Repeat every entry word for word, but leave the images out of your copy.

Start of DATA EXTRACTS

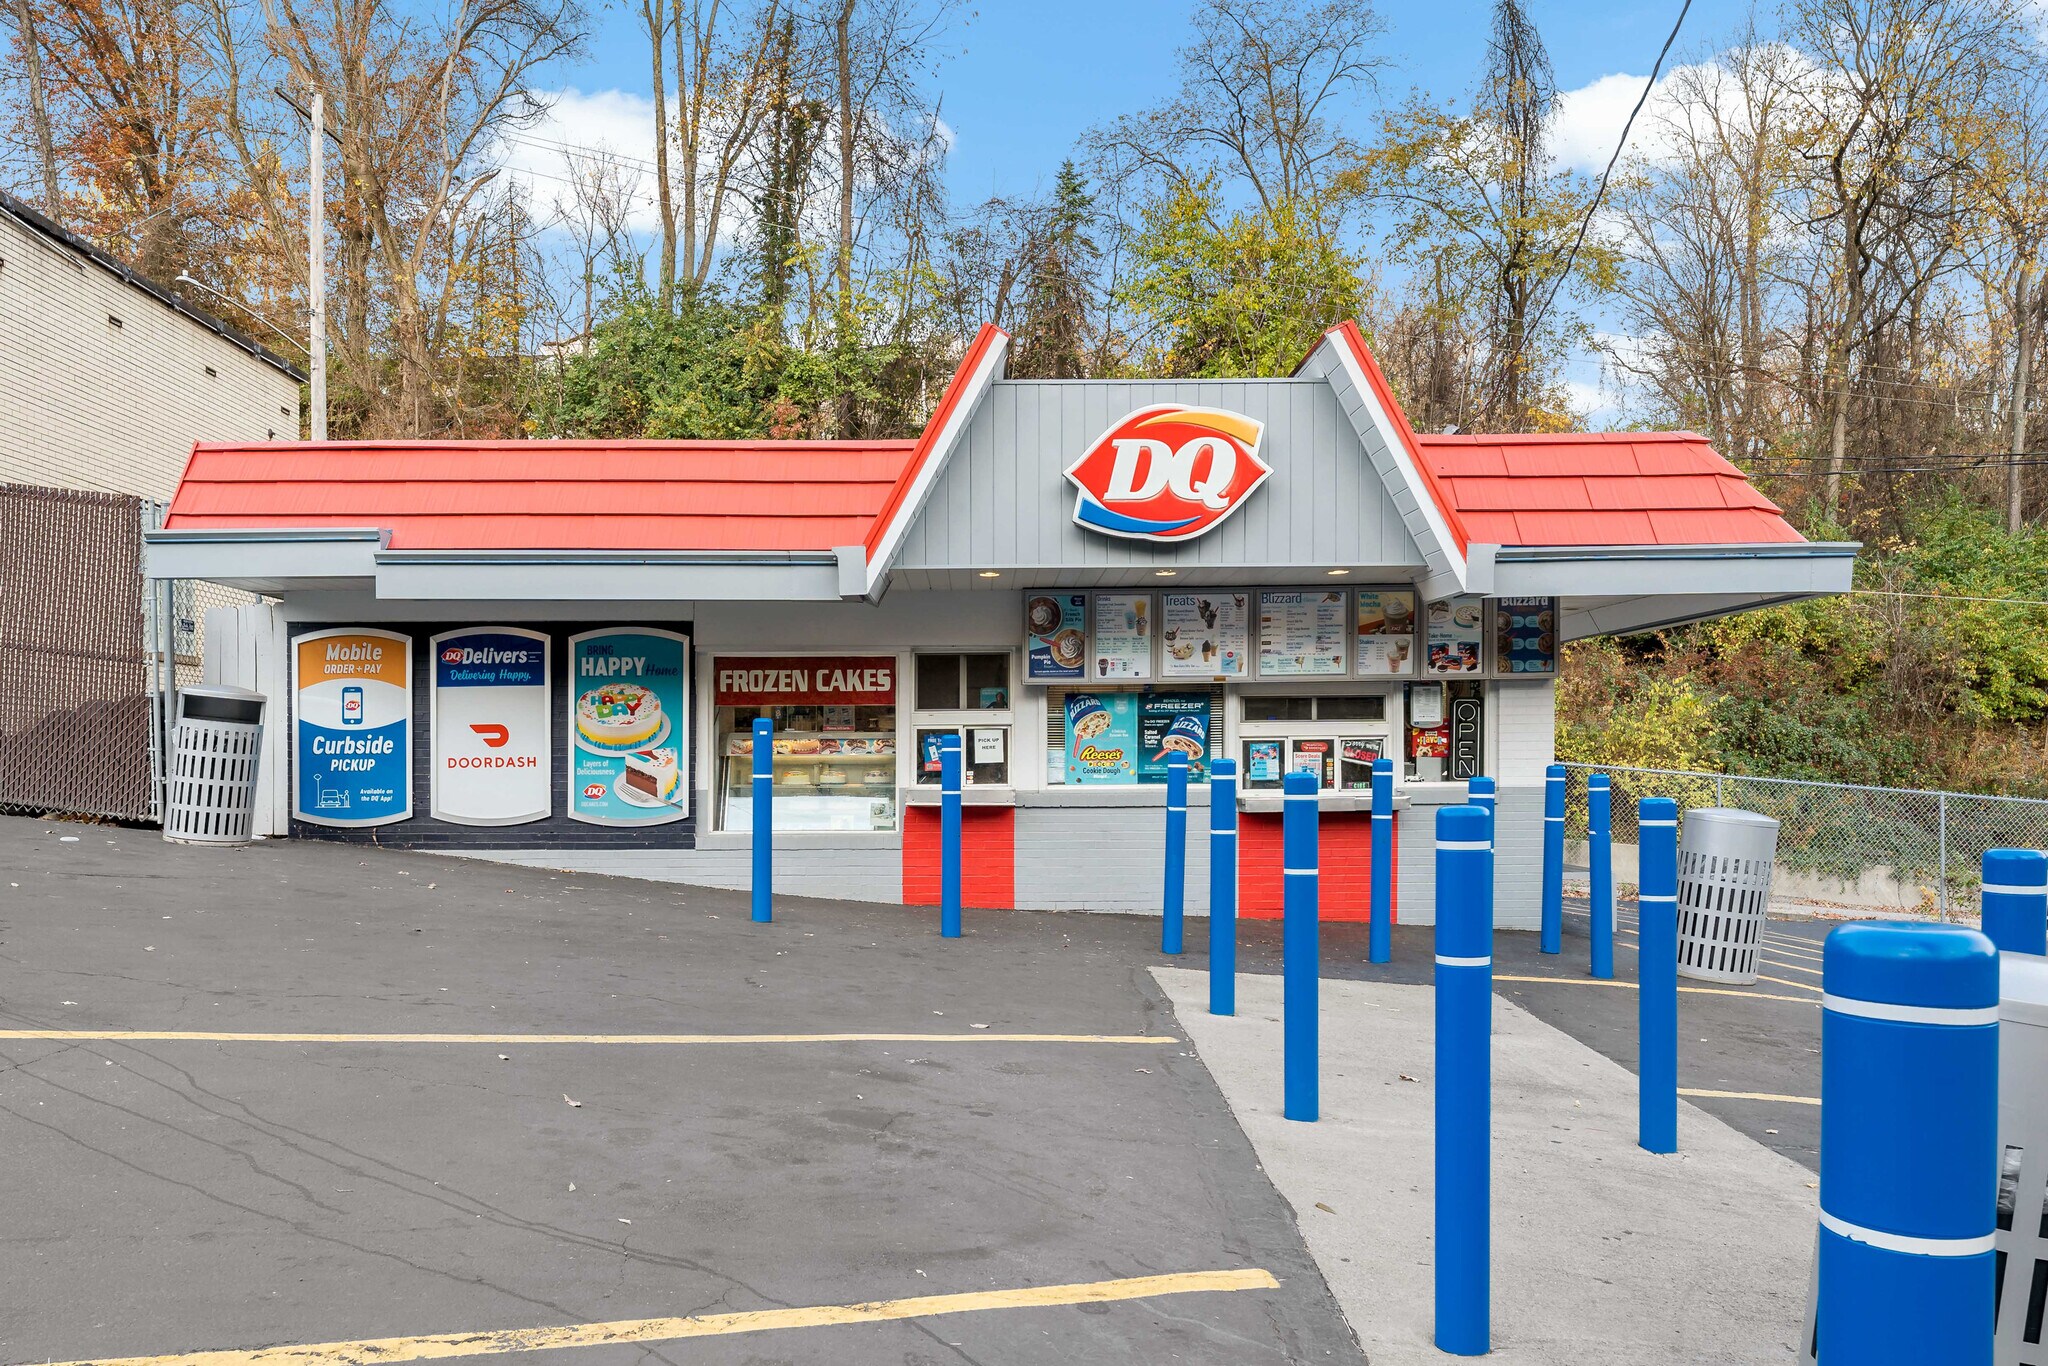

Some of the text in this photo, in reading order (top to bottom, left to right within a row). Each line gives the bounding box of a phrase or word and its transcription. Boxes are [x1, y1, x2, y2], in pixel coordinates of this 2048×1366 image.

[1103, 437, 1230, 509] DQ
[1164, 594, 1196, 606] Treats
[1261, 592, 1302, 604] Blizzard
[1360, 592, 1379, 600] White
[1501, 596, 1549, 606] Blizzard
[325, 642, 383, 661] Mobile
[445, 647, 528, 665] DQ Delivers
[587, 645, 614, 655] BRING
[324, 664, 355, 674] ORDER
[363, 664, 383, 674] PAY
[581, 656, 646, 676] HAPPY
[645, 663, 679, 676] Home
[450, 669, 496, 683] Delivering
[719, 669, 892, 693] FROZEN CAKES
[590, 693, 647, 706] HAPPY
[595, 702, 643, 719] DAY
[1170, 720, 1206, 739] BLIZZARD
[312, 734, 394, 755] Curbside
[1457, 703, 1476, 776] OPEN
[1080, 746, 1123, 760] Reese's
[1344, 747, 1378, 762] CLOSED
[330, 759, 376, 772] PICKUP
[447, 756, 537, 769] DOORDASH
[583, 759, 609, 769] Layers of
[576, 768, 616, 776] Deliciousness
[1102, 767, 1121, 775] Dough
[587, 787, 604, 796] DQ
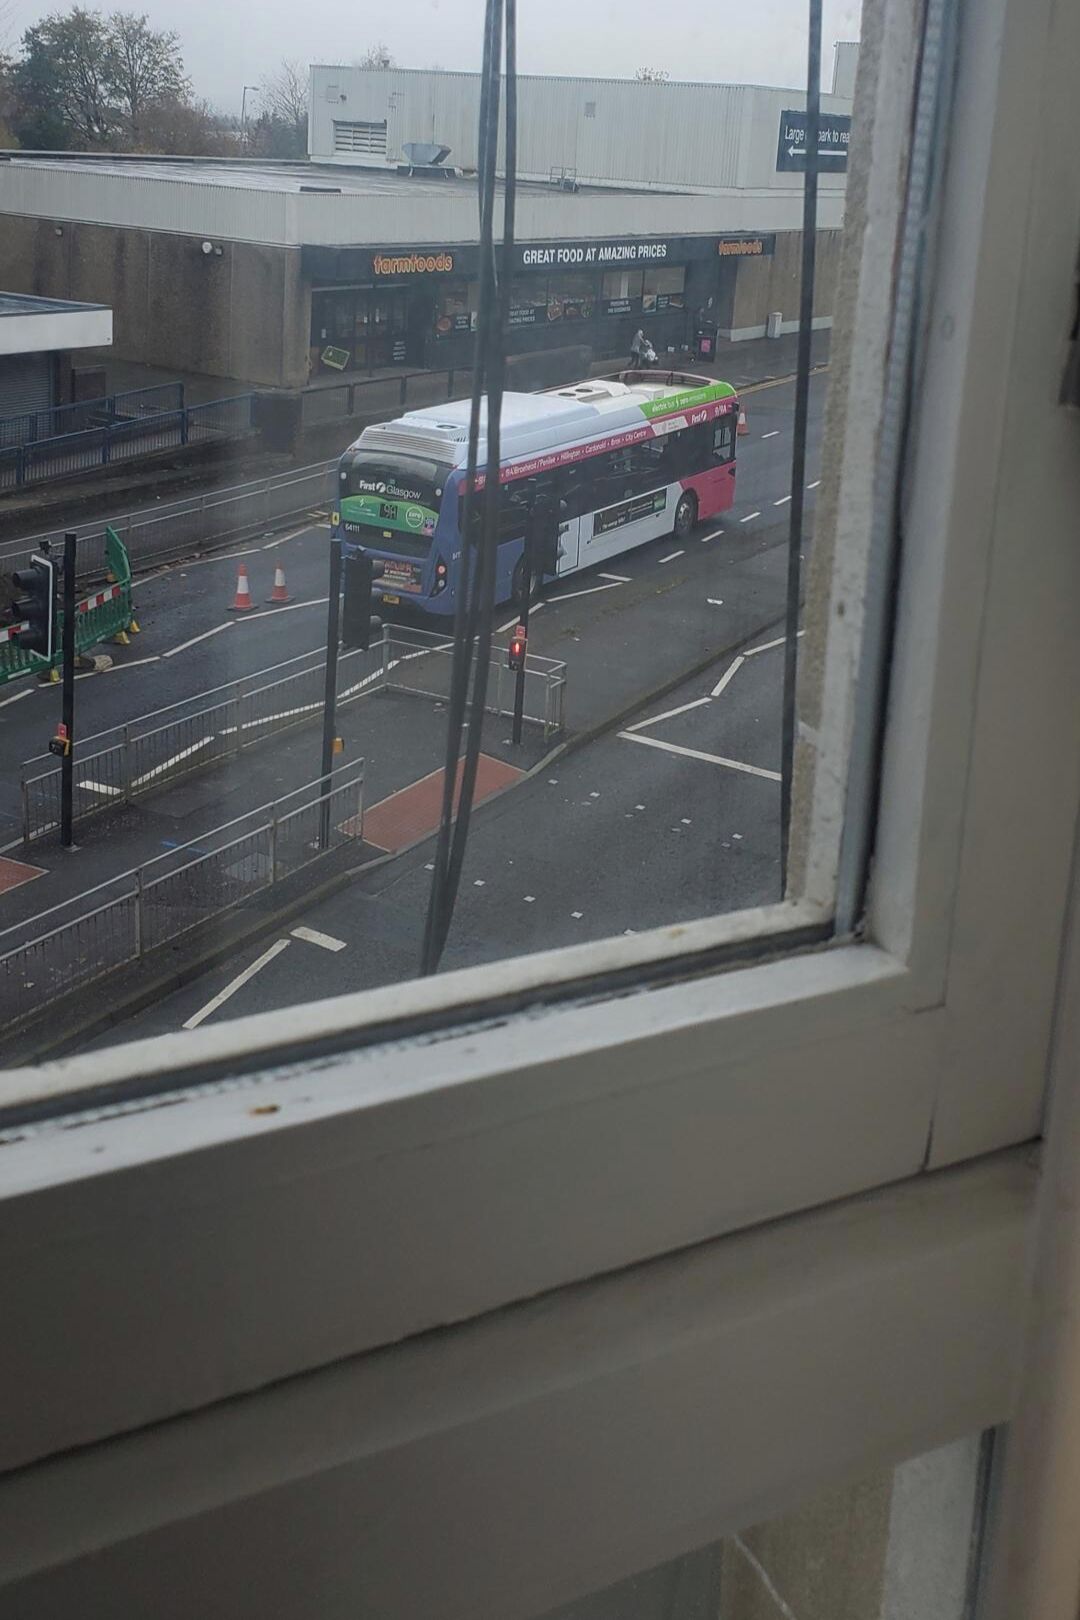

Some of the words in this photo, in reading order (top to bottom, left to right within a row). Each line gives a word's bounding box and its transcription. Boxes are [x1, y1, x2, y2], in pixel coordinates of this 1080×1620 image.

[784, 125, 805, 144] Large
[832, 130, 839, 142] to
[839, 131, 850, 143] rea
[523, 249, 556, 264] GREAT
[557, 248, 584, 263] FOOD
[585, 247, 597, 261] AT
[598, 245, 637, 261] AMAZING
[637, 244, 667, 258] PRICES
[373, 253, 453, 275] farmfoods
[625, 433, 633, 442] City
[359, 480, 376, 491] First
[386, 484, 421, 499] Glasgow
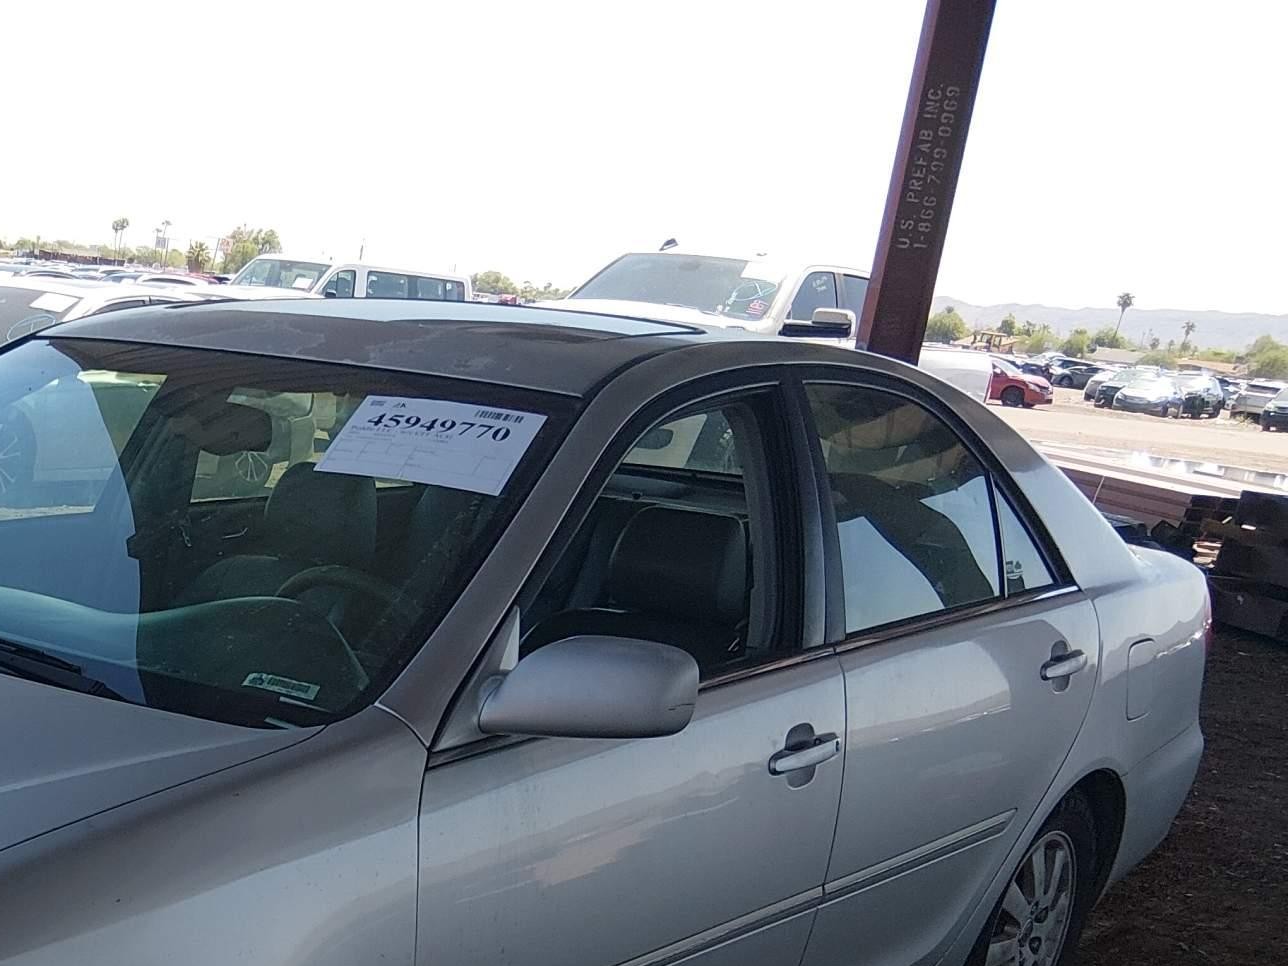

End of DATA EXTRACTS

(FINAL ANSWER)
Some of the text in this photo, in reading order (top to bottom, left to right within a row). Each line gives the bounding box of a phrase or word and its transcription. Boxes are [x1, y1, x2, y2], in pixel coordinates of this 2048×1366 image.

[1103, 437, 1230, 509] DQ
[1164, 594, 1196, 606] Treats
[1261, 592, 1302, 604] Blizzard
[1360, 592, 1379, 600] White
[1501, 596, 1549, 606] Blizzard
[325, 642, 383, 661] Mobile
[445, 647, 528, 665] DQ Delivers
[587, 645, 614, 655] BRING
[324, 664, 355, 674] ORDER
[363, 664, 383, 674] PAY
[581, 656, 646, 676] HAPPY
[645, 663, 679, 676] Home
[450, 669, 496, 683] Delivering
[719, 669, 892, 693] FROZEN CAKES
[590, 693, 647, 706] HAPPY
[595, 702, 643, 719] DAY
[1170, 720, 1206, 739] BLIZZARD
[312, 734, 394, 755] Curbside
[1457, 703, 1476, 776] OPEN
[1080, 746, 1123, 760] Reese's
[1344, 747, 1378, 762] CLOSED
[330, 759, 376, 772] PICKUP
[447, 756, 537, 769] DOORDASH
[583, 759, 609, 769] Layers of
[576, 768, 616, 776] Deliciousness
[1102, 767, 1121, 775] Dough
[587, 787, 604, 796] DQ

Some of the words in this photo, in reading order (top to bottom, left to right within a row). Each line gives a word's bounding box and its transcription. Boxes are [x1, y1, x2, y2], in pixel coordinates of this 1080×1620 image.

[784, 125, 805, 144] Large
[832, 130, 839, 142] to
[839, 131, 850, 143] rea
[523, 249, 556, 264] GREAT
[557, 248, 584, 263] FOOD
[585, 247, 597, 261] AT
[598, 245, 637, 261] AMAZING
[637, 244, 667, 258] PRICES
[373, 253, 453, 275] farmfoods
[625, 433, 633, 442] City
[359, 480, 376, 491] First
[386, 484, 421, 499] Glasgow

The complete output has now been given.